The Slovenians have a pair of brothers up front in David and Marcel Rodman. Interestingly enough, neither brother plays on the same team outside of Slovenia—David plays in France with the Grenoble Bruleurs de Loups, while Marcel is in Germany with EC Bad Tolz.
However, what bodes well for these two and for Slovenia is that they both have North American experience and have played against similar-caliber players as to whom they will face in PyeongChang. The truest of hockey fans may even have some familiarity with them. The 34-year-old David played two years in the QMJHL with Val-d’Or Foreurs and was second on the team in scoring in 2002-03 when he had 26 goals and 44 assists for 70 points in 65 games. Brother Marcel, who is 36 years old, was a ninth-round selection of the Boston Bruins in 2001 and played two seasons with the Peterborough Petes. Marcel led the Petes in scoring in 2000-01 when he had 36 goals and 35 assists for 71 points in 61 games.
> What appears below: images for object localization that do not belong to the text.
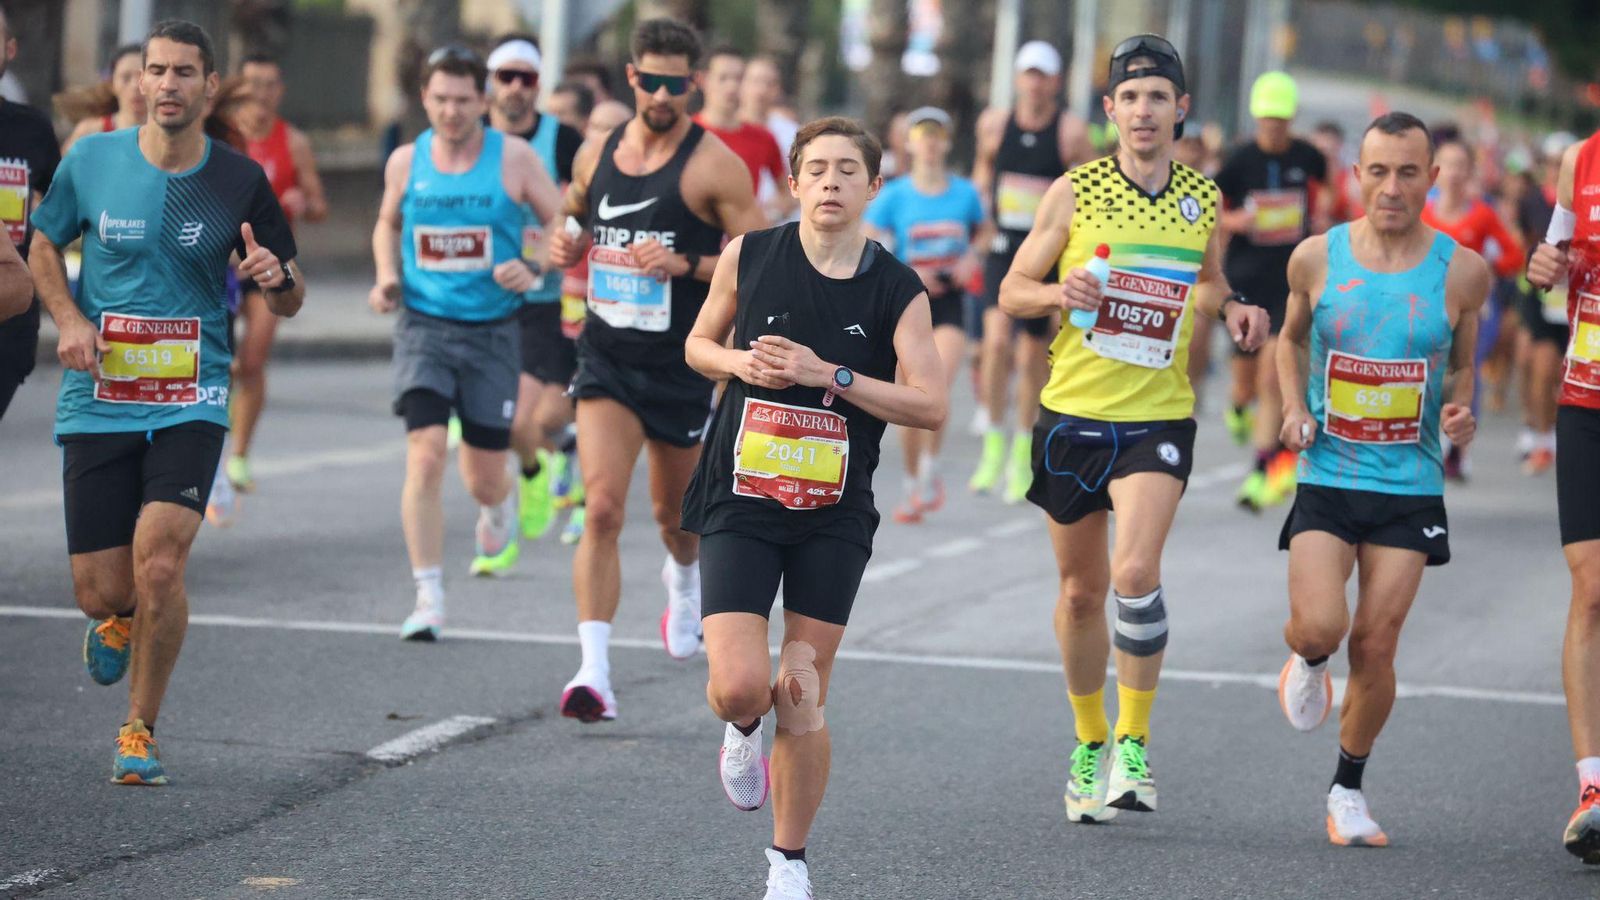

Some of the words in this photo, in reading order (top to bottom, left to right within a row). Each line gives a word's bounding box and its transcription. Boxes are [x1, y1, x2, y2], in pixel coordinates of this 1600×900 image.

[107, 218, 146, 229] OPENLAKES
[1119, 275, 1183, 299] GENERALI
[1108, 301, 1165, 328] 10570
[126, 319, 193, 335] GENERALI
[124, 348, 173, 366] 6519
[1353, 361, 1419, 378] GENERALI
[1355, 388, 1392, 407] 629
[771, 409, 842, 433] GENERALI
[765, 441, 817, 465] 2041
[806, 487, 827, 497] 42K
— Delo Šport (@Delo_Sport) November 5, 2017
Ziga Jeglic led Slovenia in scoring during the Sochi Games with two goals and two assists in five games. Jeglic has played in the KHL since the 2014-15 season and has played for three different teams. Presently he plays for Neftekhimik Nizhnekamsk and has two goals and three assists in 24 games for them. Jeglic is known as more of a playmaker than a goal scorer. Slovenia will need someone to be its setup guy, and this 6-foot-1, 176-pound centerman is up to the task. Jeglic can play wing as well, and his team will need him to score at least as much as he did in Sochi.
Another KHLer is Rok Ticar. He has been a busy man this year as he has played for three different KHL teams this season. Presently Ticar is skating for Sibir Novosibirsk, but he has also suited up for Torpedo Nizhny Novgorod and Avtomobilist Yekaterinburg. It is interesting to note that of the three teams, he has produced the most with his current team, Sibir. In 11 games for his present squad, he has scored three goals and three assists. For Torpedo and Avtomobilist, Ticar did not register a single goal and was kept to seven assists in 23 games between the two teams. For Slovenia’s sake, let us hope that he can carry his current production over to South Korea.
The Bottom Line
When you look at Slovenia’s depth as such, the question transitions from “Who does Slovenia have without Kopitar?” to “How much do they really need him?” Now, that second question is not to be smart-alecky. Most assuredly, Anze Kopitar is one of the best hockey players in the world, and it is a shame in many ways that he will not be representing his country. Still, you have to keep in mind that this Slovenian team, which is very much the same as 2014, finished in seventh place in Sochi and won games over Slovakia (a bit of a shocker) and Austria. They are not a poor team by any stretch of the imagination.
The forward collection is certainly decent, with the Rodman brothers up front, and three KHLers in Ticar, Jeglic and Robert Sabolic. Slovenia’s scoring will be done so by committee rather than a few key personnel. There is nothing wrong with that either if it gets the job done. Forward Jan Mursak is the only player on the team with NHL experience. From 2010 to 2013, Mursak played 46 games for the Detroit Red Wings and scored two goals and two assists.
Goaltending is questionable. You likely have to give the nod to Gracnar, if for nothing else than that he has Olympic experience already. He has also won three Austrian League championships and has received Best Goaltender awards at both U18 and U20 IIHF international tournaments. He will get help too from sizable and hard-hitting defenders like Ziga Pavlin, Repe, and Gregorc.
No matter the outcome, Slovenia will be an enjoyable underdog to root for.